2) Identify long-term Incident Management process vision
It is also important to understand what the organization expects from the Incident Management process. The expectation may be based on generic Incident Management templates included with the ITSM tool or a more custom process based on the organization’s specific needs.
3) Conduct a gap analysis
Next, identify what must be adjusted between the organization’s current Incident Management process and its long-term vision for Incident Management. This will arm you with valuable information about the effort, time, money and resources necessary to achieve your Incident Management objectives and you overall service goals.
4) Create an implementation road map
Adopting any ITIL process will take time to develop, and you will need a road map to help set expectations for management.

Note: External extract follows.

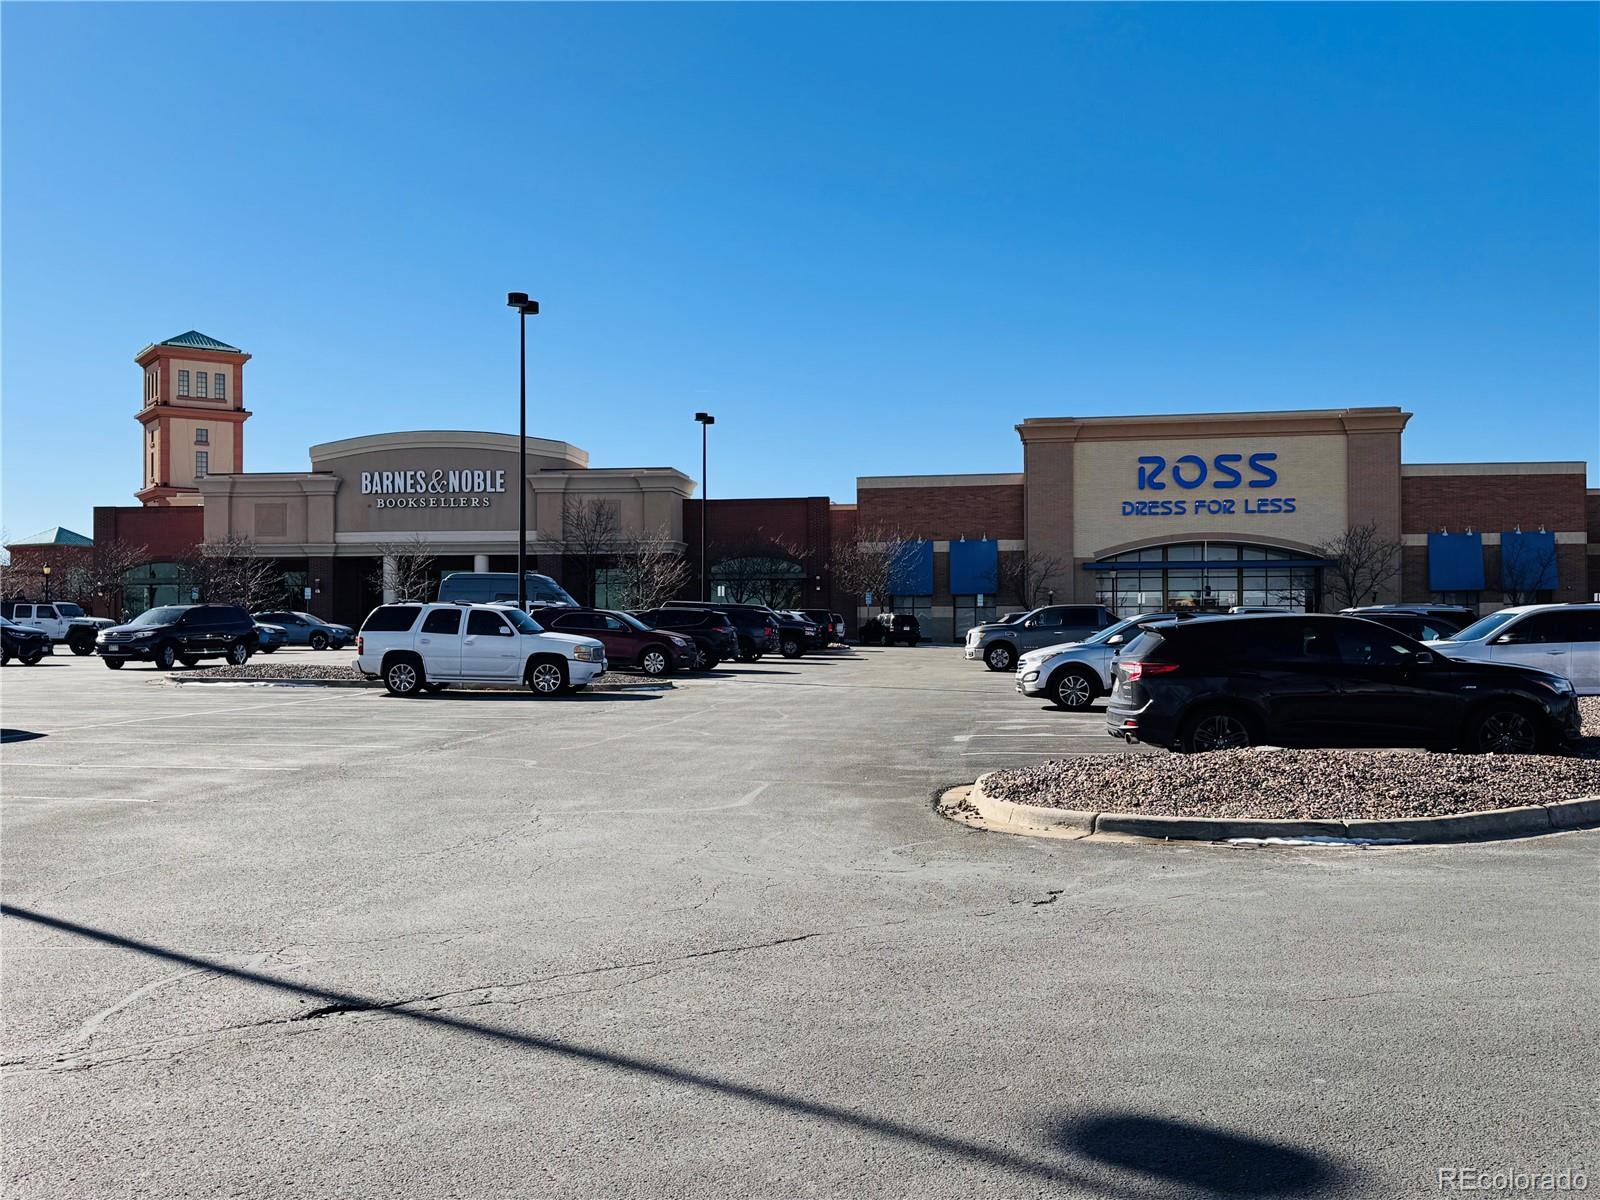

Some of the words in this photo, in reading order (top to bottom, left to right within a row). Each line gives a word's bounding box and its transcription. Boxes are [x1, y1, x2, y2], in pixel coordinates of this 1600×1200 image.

Use that road map to describe the activities, timeframe and efforts necessary to deliver. This roadmap should include quick wins, tool implementation, process changes, people and organization enablement, communication plans and overall governance changes.

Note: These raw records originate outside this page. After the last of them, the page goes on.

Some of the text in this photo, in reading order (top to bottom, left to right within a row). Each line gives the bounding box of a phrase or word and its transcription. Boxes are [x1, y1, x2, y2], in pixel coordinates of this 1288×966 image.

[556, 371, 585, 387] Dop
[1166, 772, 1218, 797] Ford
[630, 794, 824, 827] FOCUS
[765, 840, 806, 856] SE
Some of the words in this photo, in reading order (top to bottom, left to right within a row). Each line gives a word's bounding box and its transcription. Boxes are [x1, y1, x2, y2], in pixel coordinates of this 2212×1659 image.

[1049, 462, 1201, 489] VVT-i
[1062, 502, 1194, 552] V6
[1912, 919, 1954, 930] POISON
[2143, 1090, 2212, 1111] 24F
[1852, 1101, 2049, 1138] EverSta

5) Begin project implementation
It’s time for implementation to begin. Create a project plan that defines the actions or tasks, responsibilities and time line for completion of all tasks. Communicate the successes along the way as you achieve each milestone, demonstrating your progress towards your ultimate implementation goal.

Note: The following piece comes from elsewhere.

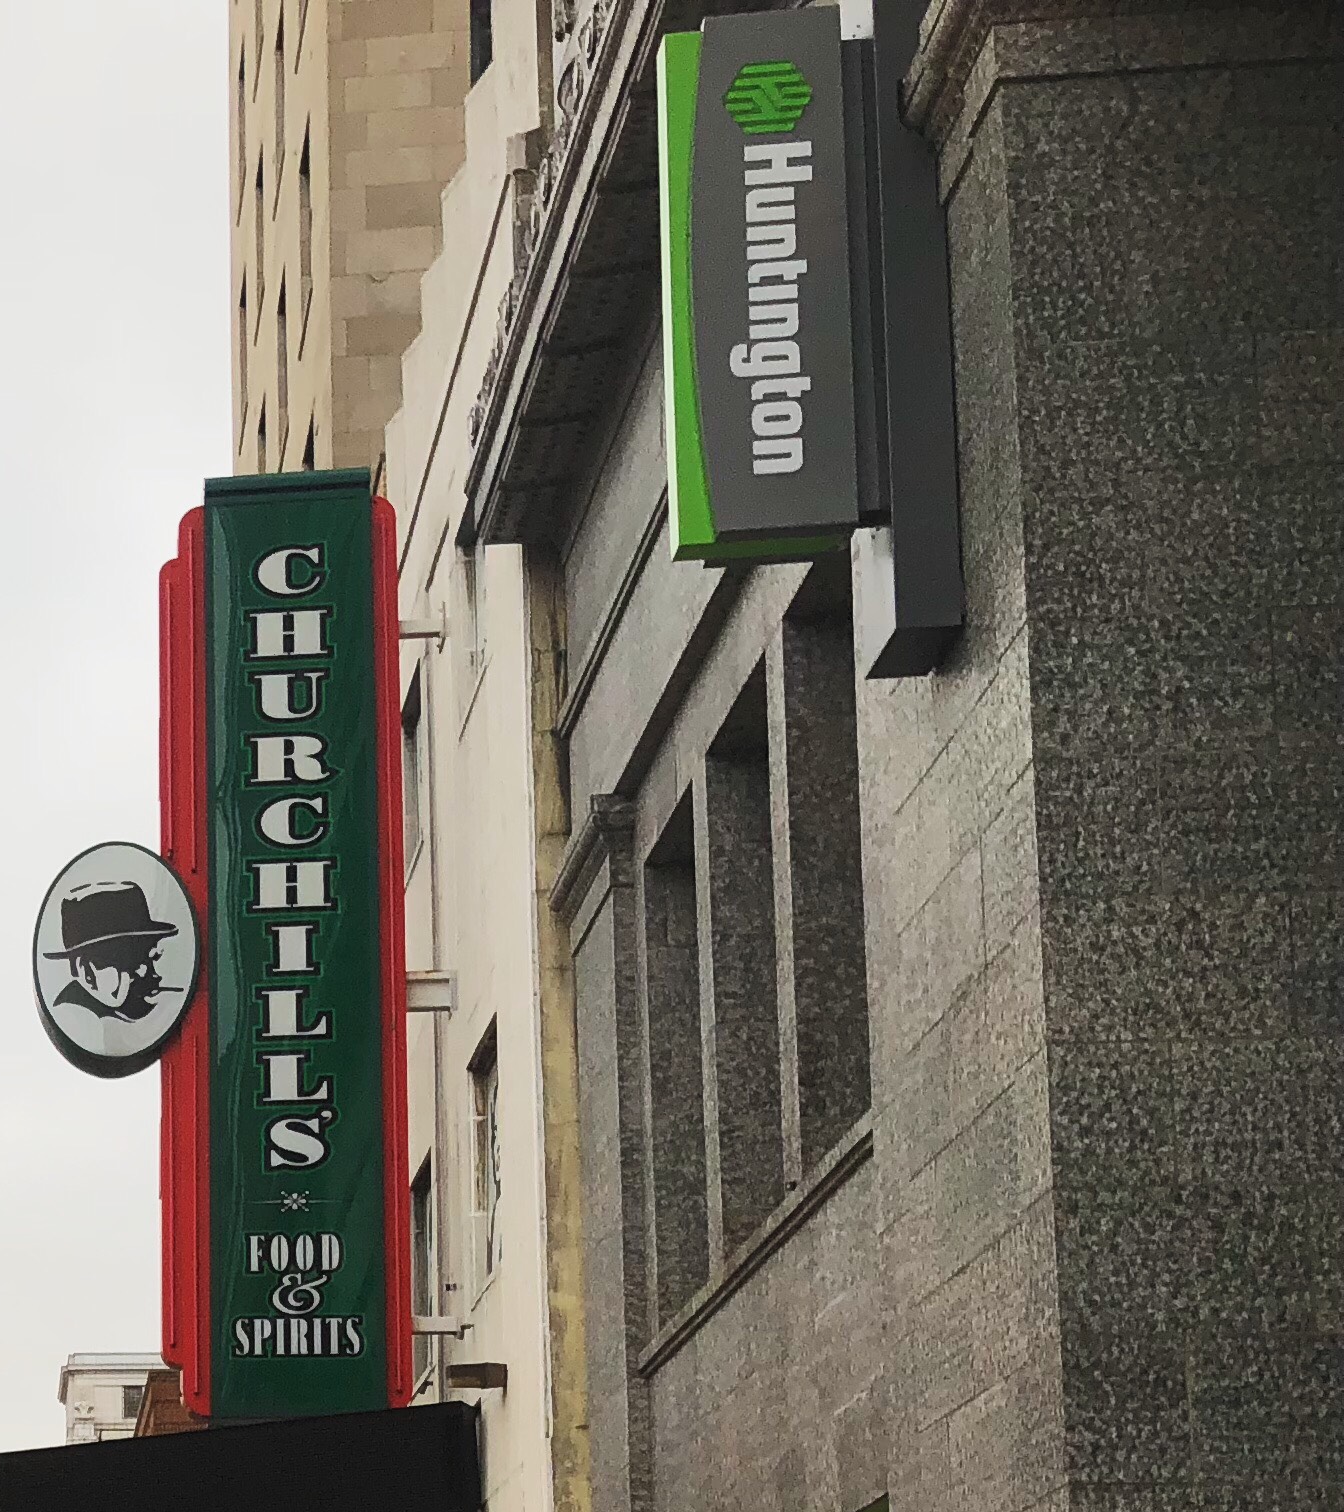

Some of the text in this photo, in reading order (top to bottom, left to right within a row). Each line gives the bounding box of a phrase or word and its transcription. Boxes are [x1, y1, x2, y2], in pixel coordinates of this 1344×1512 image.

Feature Checklist for Incident Management Software
For IT organizations evaluating Incident Management software and/or IT service management suites that offer Incident Management capabilities, it is important to understand the types of features required to support key processes. At a minimum, Incident Management software should provide the following capabilities:
- Create, modify, resolve, and close incident records
- Generate unique record numbers associated with each incident record
- Link incidents to problem records, knowledge articles, known workarounds, and requests for change
- Link configuration management data to incident record
- Notify incident owners when associated problem is resolved
- Automatically record of historical data in an audit log
- Configurable incident categorization
- Incident search and reporting capabilities
- Route incidents based on resource availability, time-zones, sites, etc.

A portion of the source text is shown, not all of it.